[[ EXTRACTED DATA open ]]

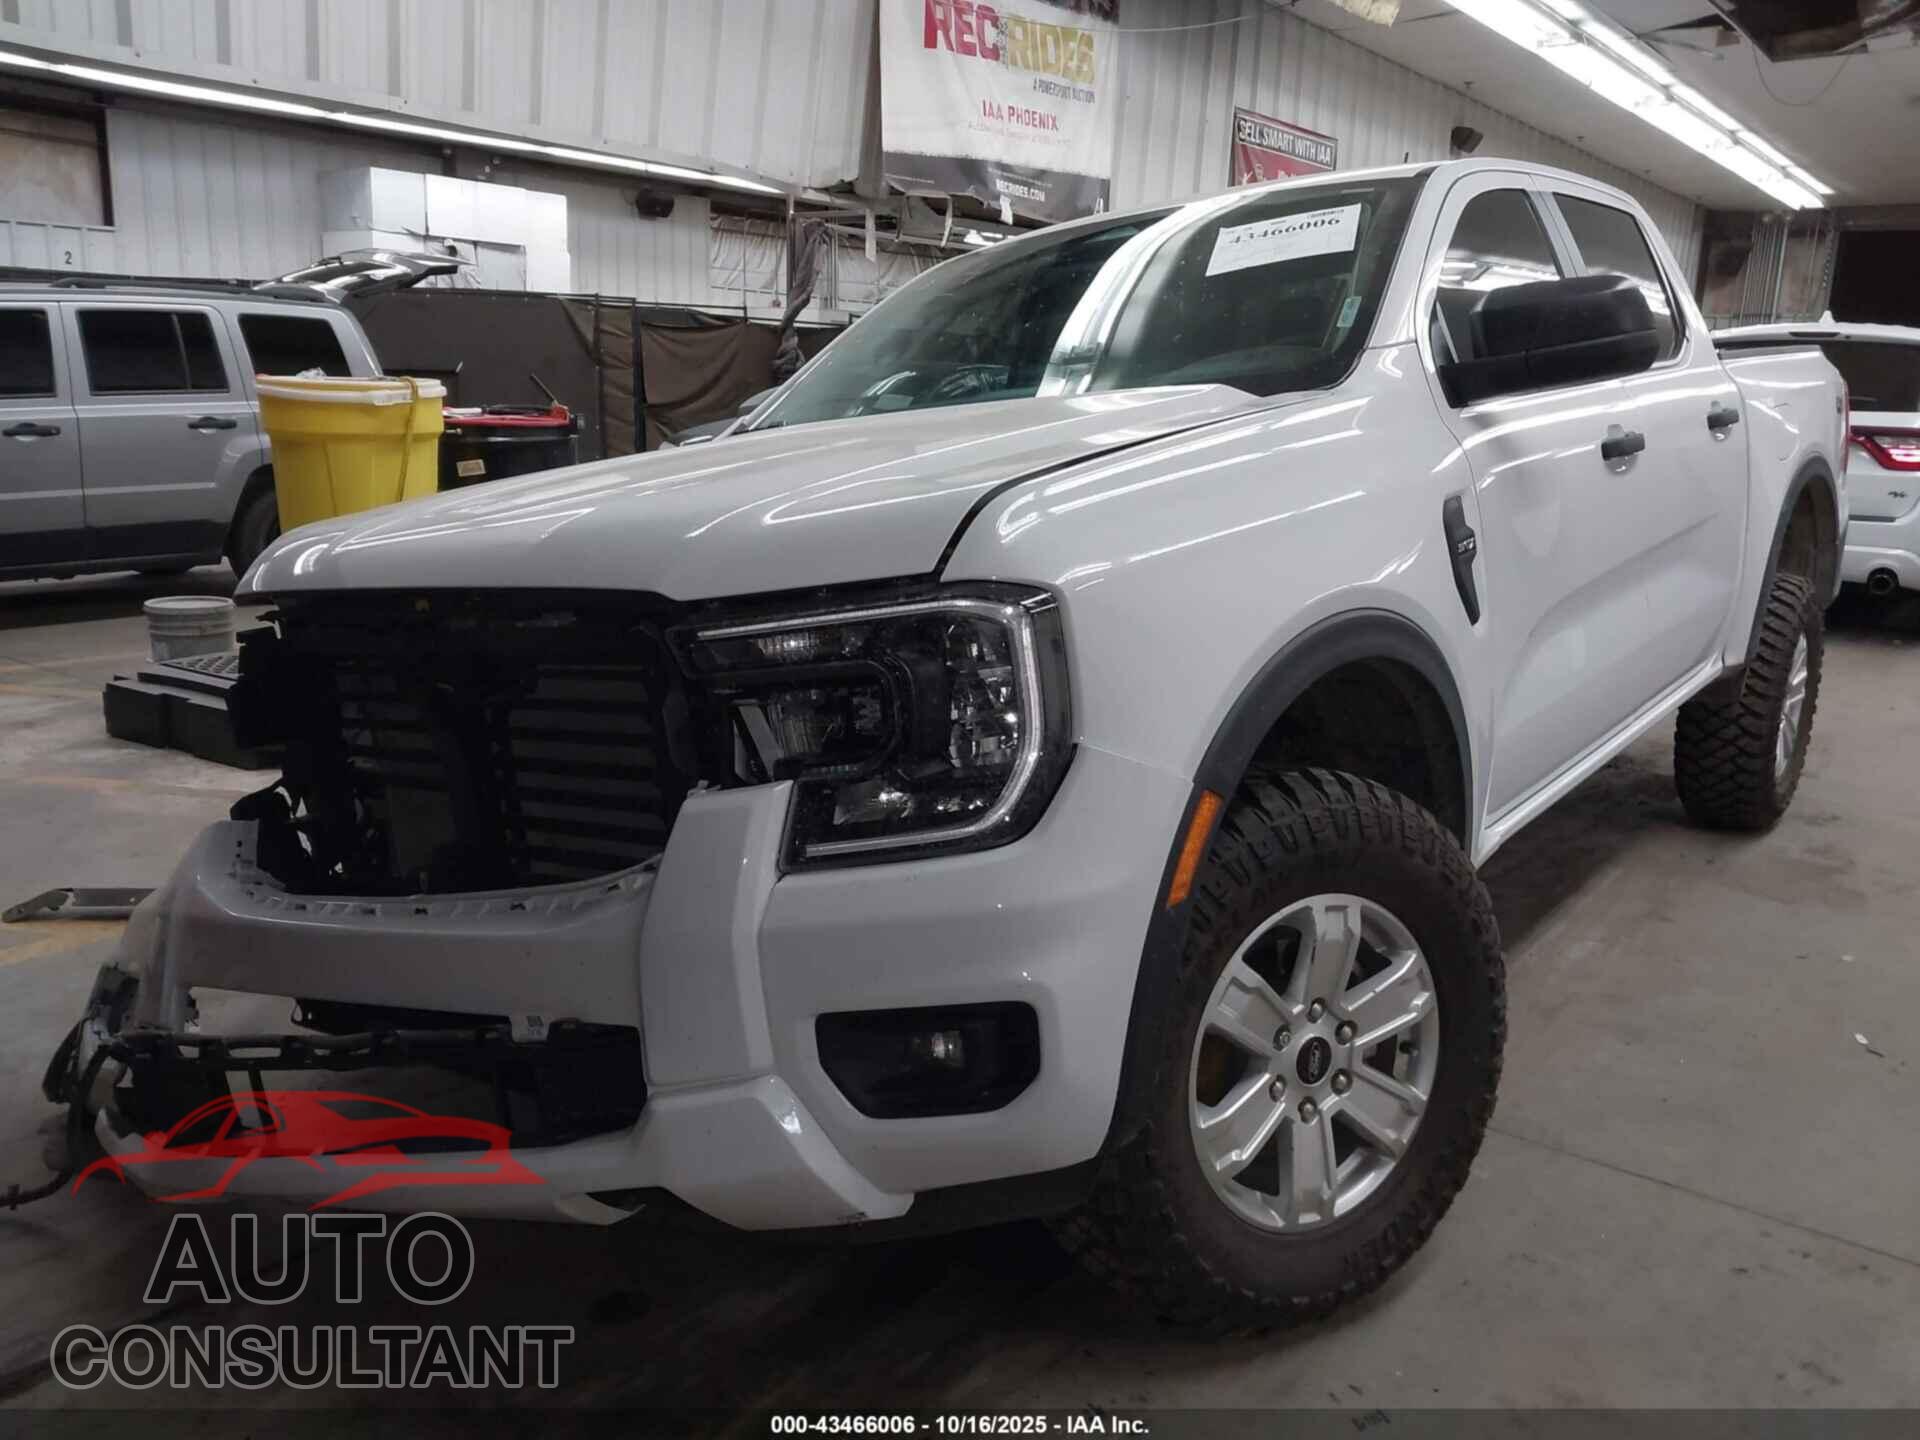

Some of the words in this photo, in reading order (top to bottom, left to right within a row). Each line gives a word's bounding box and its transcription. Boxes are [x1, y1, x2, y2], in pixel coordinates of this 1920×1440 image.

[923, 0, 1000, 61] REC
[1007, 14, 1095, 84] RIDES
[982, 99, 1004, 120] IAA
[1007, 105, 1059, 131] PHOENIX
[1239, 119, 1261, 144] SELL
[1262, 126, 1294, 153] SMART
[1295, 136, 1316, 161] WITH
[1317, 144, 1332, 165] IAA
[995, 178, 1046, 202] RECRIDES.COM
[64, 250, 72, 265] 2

[[ EXTRACTED DATA closed ]]

■ PROBLEM ■
Every record above must reappear exactly in the answer, minus its pictures.

■ EXERCISE RESPONSE ■
Some of the words in this photo, in reading order (top to bottom, left to right within a row). Each line gives a word's bounding box and its transcription. Boxes are [x1, y1, x2, y2], in pixel coordinates of this 1920×1440 image.

[923, 0, 1000, 61] REC
[1007, 14, 1095, 84] RIDES
[982, 99, 1004, 120] IAA
[1007, 105, 1059, 131] PHOENIX
[1239, 119, 1261, 144] SELL
[1262, 126, 1294, 153] SMART
[1295, 136, 1316, 161] WITH
[1317, 144, 1332, 165] IAA
[995, 178, 1046, 202] RECRIDES.COM
[64, 250, 72, 265] 2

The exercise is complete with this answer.